Driving Sales

September 1998


Driving Sales

Billboard advertisers use more than simple car counts in evaluating locations

Planning a billboard ad campaign used to be simple. The more cars or pedestrians passing by a particular site, the more expensive it was to rent billboard space there.

Now, however, sophisticated research techniques are making the business of billboards more complicated, says Marketing Toolsmagazine. Advertising companies are finding ways to determine not just how many people see a particular billboard, but whether these people are likely consumers of their clients' products.
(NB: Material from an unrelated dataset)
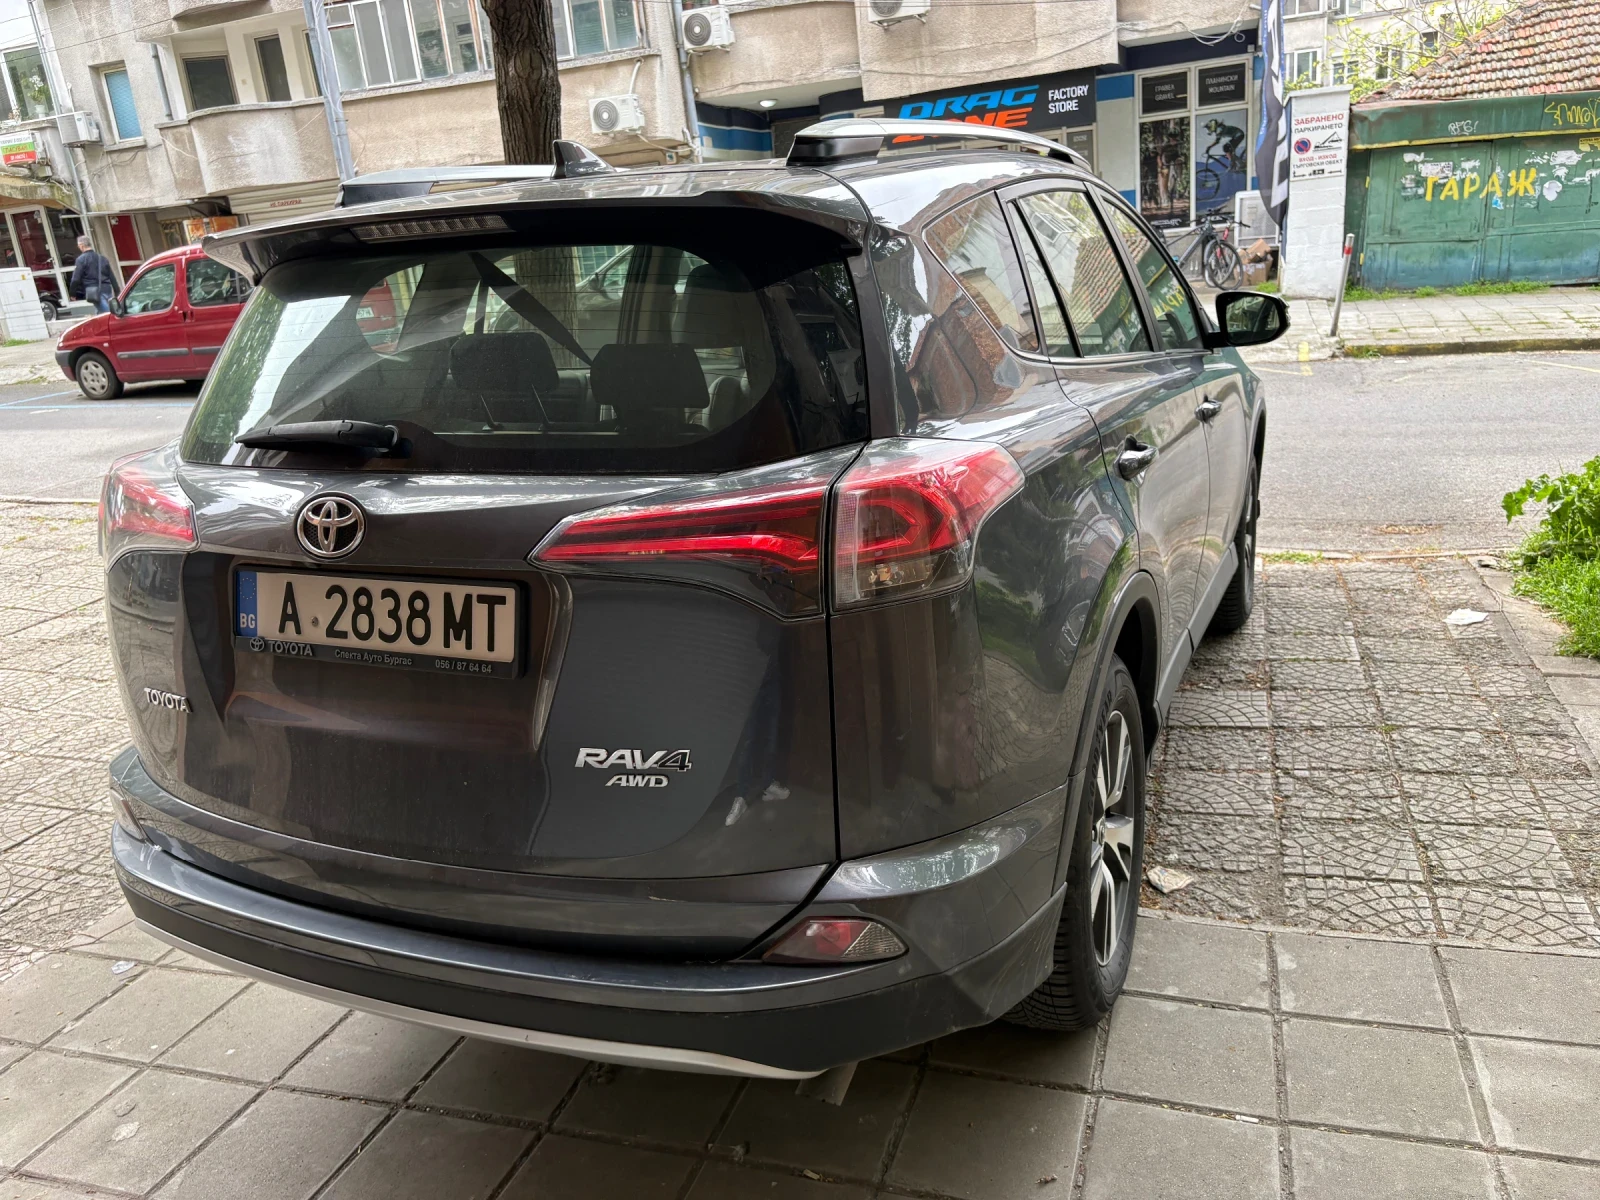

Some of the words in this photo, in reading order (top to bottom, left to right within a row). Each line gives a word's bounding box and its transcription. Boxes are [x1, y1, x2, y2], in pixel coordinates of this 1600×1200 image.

One ad company photographs license plates of cars as they drive past their clients' billboards. This enables the company to find out where the drivers live and then make an educated guess about their income. Other companies use "geodemographic clustering," which identifies neighborhoods where consumers with desirable demographics live, work and go for entertainment, and concentrates outdoor ads in those areas.

Techniques like these are fairly costly and, thus, not widespread. But even without them, research suggests billboards are a good way to reach affluent consumers. A study called The Media Audit by International Demographics in Houston, TX, shows that heavy consumers of billboard advertising – people who drive 200 or more miles a week in their metropolitan area &#150 are more likely than consumers of other media to be between 25 and 54, live in a two-income family, hold a professional or technical job and have a household income of $100,000+.